Nací el 31 de mayo 1982 en Medellín y pasé toda mi infancia en el barrio Manrique. La cancha empolvada de mi barrio se convirtió en el lugar donde pasaba la mayoría de las tardes después de hacer las tareas a la carrera. No era muy bueno jugando fútbol, pues como yo era un niño gordo, me dolían las rodillas al correr. En mi casa nunca sobró plata para nada. Mi papá era taxista y mi mamá ama de casa, y aunque nunca aguantamos hambre, tampoco pude tener los lujos que seguramente tenían muchos niños al otro lado de la ciudad. Nunca tuve un regalo de cumpleaños que no fuera una torta hecha por mi mamá, pero cuando cumplí 7, mi papá me dio algo que me cambiaría la vida para siempre.
Recuerdo que fuimos a la tienda de la esquina donde había un televisor. Recuerdo haber visto a mi papá arrodillado antes de un penalti. Leonel Álvarez coabraba. Segundos después me vi envuelto en abrazos, lágrimas y gritos. Esa fue la primera y tal vez la única vez que vi a mi papá llorando. Me asusté. No sabía que pensar. Cuando tuve el valor de preguntarle, me contó la historia de una ciudad que había sufrido mucho, que seguramente le tocaría sufrir más y de una gente que se reunía domingo a domingo, así como nosotros en la cancha empolvada de la esquina para olvidar la tristeza y hacerse a la idea que la vida había que lucharla como llegara, con alegría o con dolor. Ese día le pedí que me llevara a ese lugar, y a partir de ahí, domingo a domingo salíamos juntos vestidos de un mismo color, y dos horas más tarde regresábamos a casa, a veces tristes, otras felices, pero siempre con la garganta rota y la satisfacción del deber cumplido.
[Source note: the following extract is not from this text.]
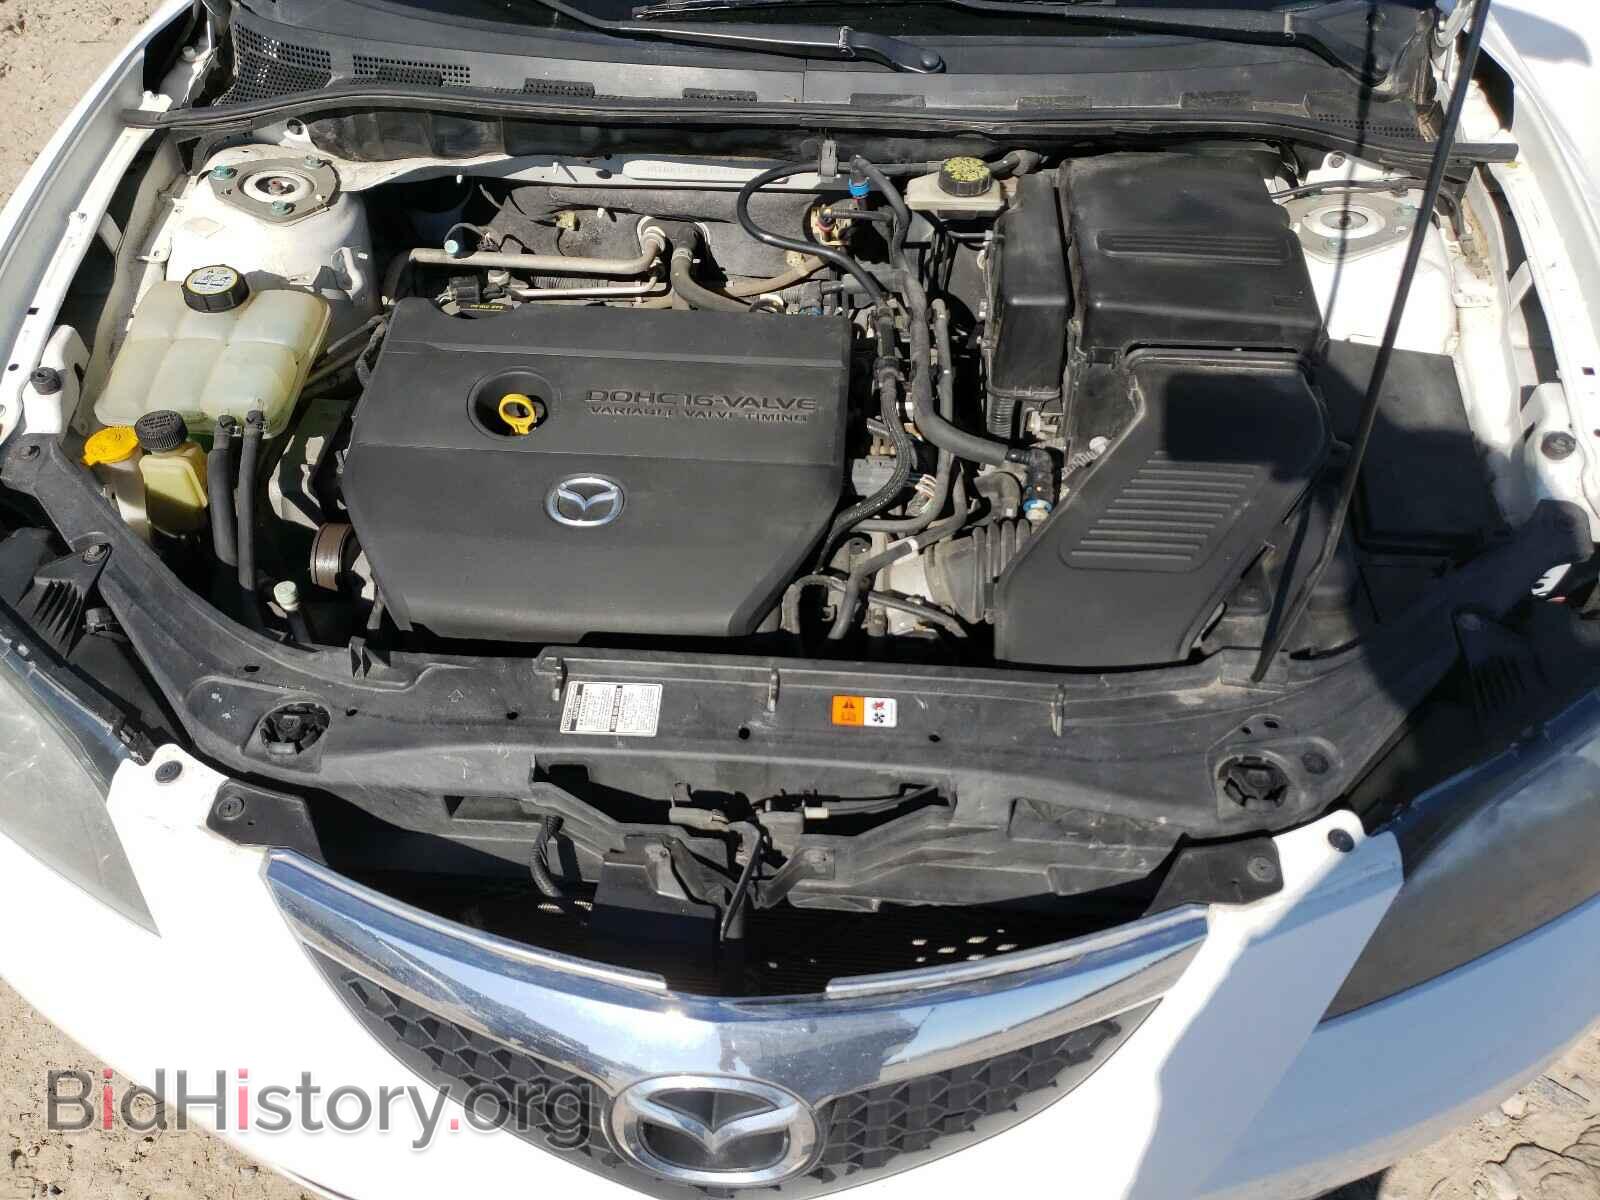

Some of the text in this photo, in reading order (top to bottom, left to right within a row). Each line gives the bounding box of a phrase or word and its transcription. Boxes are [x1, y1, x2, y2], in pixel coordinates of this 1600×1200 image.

Mi papá me acompañó todos los domingos sin faltar una sola vez. Pero el 3 de Octubre de 1996 cuando iba a parquear el carro en el garaje de la casa, 2 ladrones le arrebataron la plata que había ganado ese día y de paso le arrebataron la vida. El era un hombre sencillo y con 3 pasiones concretas en la vida: mi mamá, el tango y el fútbol. A pesar de no haber tenido ni un peso para dejarme de herencia, su legado es para mí algo mucho más valioso que todo el dinero del mundo. Algo que dejaría marcas en mi piel, en mi mente y en mi corazón. Gracias a esa herencia, estoy en este momento en la encrucijada de tener que levantarme a trabajar a pesar que el mi corazón y mi vida entera, los dejé en mi lugar sagrado, en el que me dejó mi papá.
Abrí los ojos con dificultad notando como en mi cabeza martillaba con insistencia el recuerdo de la noche anterior. Todavía podía oír aquellos gritos de una manera tan nítida como si aún estuviera en aquel lugar. Me dolían los brazos, las piernas, la garganta, todo el cuerpo. Sabía que a pesar de todo debía levantarme, debía seguir con mi rutina y olvidar al menos por un segundo el recuerdo de mi padre llorando arrodillado en la tienda de la esquina de Manrique, y olvidar el recuerdo de mi mismo en la tribuna llorando sin poder dejar de cantar. Habían pasado 6 años desde la última vez que lo sentí. Junio de 2005. Otra vez campeones. Otra vez me acuerdo del hombre que vi llorar de alegría, y vivo ese sentimiento a flor de piel como el tatuaje que llevo en el brazo derecho. El nombre de mi padre junto al escudo verde de quien nos unió una tarde de Mayo, y aún hoy me hace pensar que la vida hay que lucharla, porque algún día la vida nos puede dar la vuelta, y podremos otra vez llorar y abrazarnos en la esquina.